*** Begin section ***

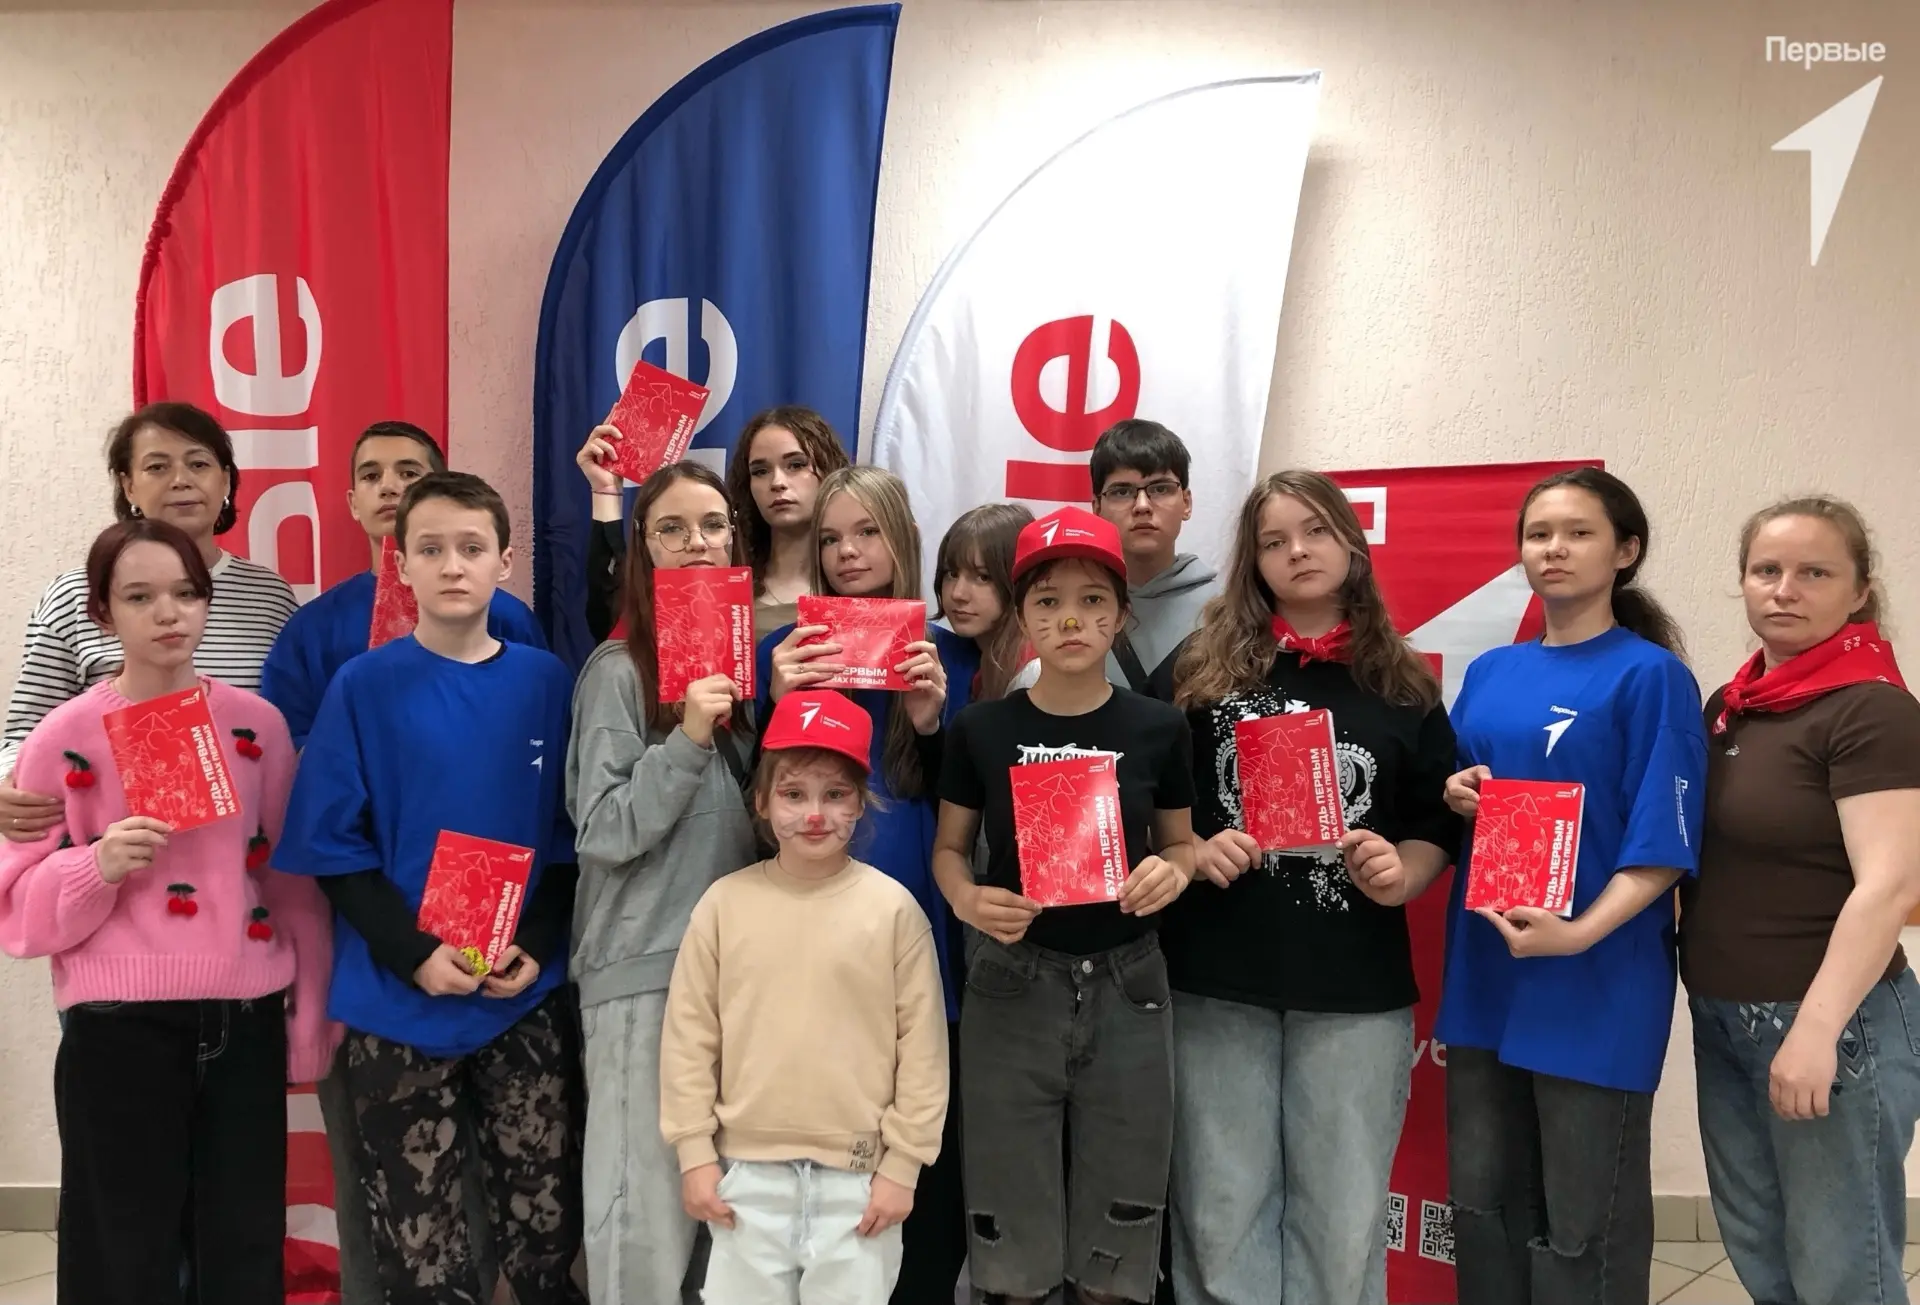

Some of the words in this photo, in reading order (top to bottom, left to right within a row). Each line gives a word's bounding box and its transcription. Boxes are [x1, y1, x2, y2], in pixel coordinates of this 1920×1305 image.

[663, 414, 689, 460] ПЕРВЫМ
[678, 418, 695, 451] ПЕРВЫХ
[731, 604, 743, 660] ПЕРВЫМ
[742, 605, 751, 642] ПЕРВЫХ
[744, 644, 752, 682] СМЕНАХ
[831, 676, 849, 684] НАХ
[843, 667, 887, 677] ЕРВЫМ
[745, 682, 752, 695] НА
[191, 725, 216, 782] ПЕРВЫМ
[202, 723, 221, 761] ПЕРВЫХ
[215, 761, 233, 801] СМЕНАХ
[1310, 748, 1325, 804] ПЕРВЫМ
[1321, 747, 1332, 786] ПЕРВЫХ
[210, 782, 227, 816] БУДЬ
[227, 802, 236, 813] НА
[1108, 796, 1118, 838] ПЕРВЫХ
[1326, 788, 1338, 827] СМЕНАХ
[1095, 796, 1111, 857] ПЕРВЫМ
[1318, 805, 1331, 840] БУДЬ
[1332, 827, 1340, 839] НА
[1564, 820, 1575, 858] ПЕРВЫХ
[1112, 838, 1123, 880] СМЕНАХ
[1550, 819, 1565, 875] ПЕРВЫМ
[1104, 859, 1116, 897] БУДЬ
[1543, 877, 1558, 909] БУДЬ
[1558, 858, 1569, 895] СМЕНАХ
[492, 881, 514, 935] ПЕРВЫМ
[1555, 896, 1563, 908] НА
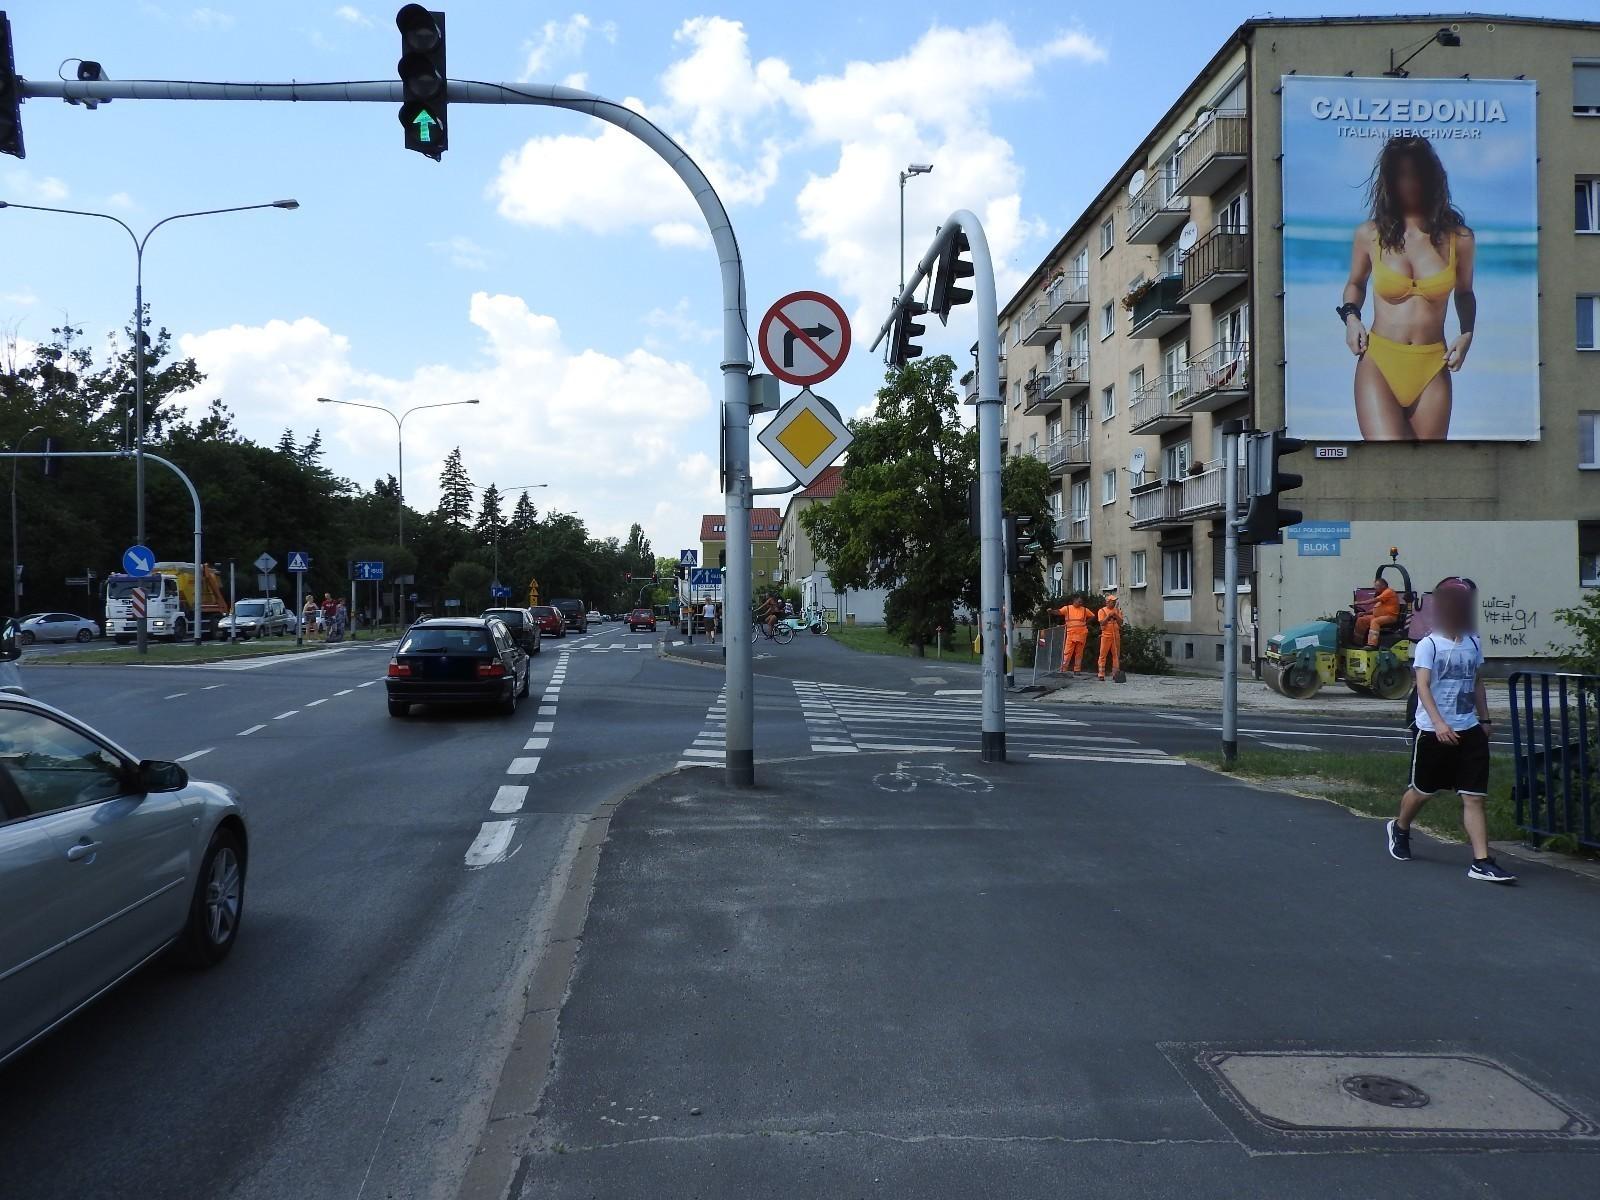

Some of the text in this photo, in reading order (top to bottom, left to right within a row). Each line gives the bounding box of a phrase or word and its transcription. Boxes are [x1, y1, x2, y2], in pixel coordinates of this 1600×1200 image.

[1310, 96, 1508, 123] CALZEDONIA
[1337, 127, 1481, 139] ITALIAN BEACHWEAR
[1319, 448, 1344, 457] ams
[1303, 543, 1336, 551] BLOK 1
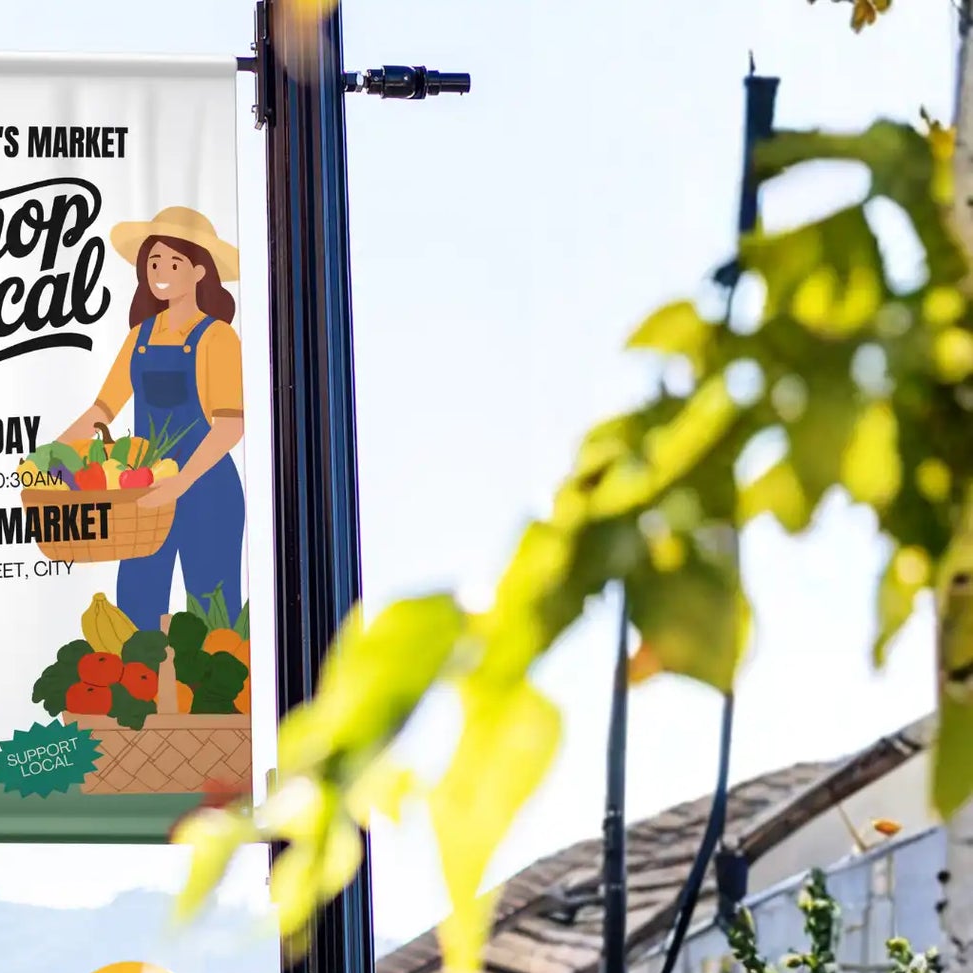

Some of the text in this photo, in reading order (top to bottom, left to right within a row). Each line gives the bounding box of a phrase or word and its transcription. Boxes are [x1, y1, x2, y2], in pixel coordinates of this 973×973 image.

[28, 126, 128, 158] MARKET
[33, 559, 75, 577] CITY
[7, 737, 78, 767] SUPPORT
[20, 754, 74, 777] LOCAL

*** End section ***

▶ [Try it]: The entries above must be output exactly, with every image left out.

▶ [Written solution]:
Some of the words in this photo, in reading order (top to bottom, left to right within a row). Each line gives a word's bounding box and its transcription. Boxes are [x1, y1, x2, y2], in pixel coordinates of this 1920×1305 image.

[663, 414, 689, 460] ПЕРВЫМ
[678, 418, 695, 451] ПЕРВЫХ
[731, 604, 743, 660] ПЕРВЫМ
[742, 605, 751, 642] ПЕРВЫХ
[744, 644, 752, 682] СМЕНАХ
[831, 676, 849, 684] НАХ
[843, 667, 887, 677] ЕРВЫМ
[745, 682, 752, 695] НА
[191, 725, 216, 782] ПЕРВЫМ
[202, 723, 221, 761] ПЕРВЫХ
[215, 761, 233, 801] СМЕНАХ
[1310, 748, 1325, 804] ПЕРВЫМ
[1321, 747, 1332, 786] ПЕРВЫХ
[210, 782, 227, 816] БУДЬ
[227, 802, 236, 813] НА
[1108, 796, 1118, 838] ПЕРВЫХ
[1326, 788, 1338, 827] СМЕНАХ
[1095, 796, 1111, 857] ПЕРВЫМ
[1318, 805, 1331, 840] БУДЬ
[1332, 827, 1340, 839] НА
[1564, 820, 1575, 858] ПЕРВЫХ
[1112, 838, 1123, 880] СМЕНАХ
[1550, 819, 1565, 875] ПЕРВЫМ
[1104, 859, 1116, 897] БУДЬ
[1543, 877, 1558, 909] БУДЬ
[1558, 858, 1569, 895] СМЕНАХ
[492, 881, 514, 935] ПЕРВЫМ
[1555, 896, 1563, 908] НА

Some of the text in this photo, in reading order (top to bottom, left to right within a row). Each line gives the bounding box of a phrase or word and its transcription. Boxes are [x1, y1, x2, y2], in pixel coordinates of this 1600×1200 image.

[1310, 96, 1508, 123] CALZEDONIA
[1337, 127, 1481, 139] ITALIAN BEACHWEAR
[1319, 448, 1344, 457] ams
[1303, 543, 1336, 551] BLOK 1

Some of the text in this photo, in reading order (top to bottom, left to right within a row). Each line gives the bounding box of a phrase or word and its transcription. Boxes are [x1, y1, x2, y2], in pixel coordinates of this 973×973 image.

[28, 126, 128, 158] MARKET
[33, 559, 75, 577] CITY
[7, 737, 78, 767] SUPPORT
[20, 754, 74, 777] LOCAL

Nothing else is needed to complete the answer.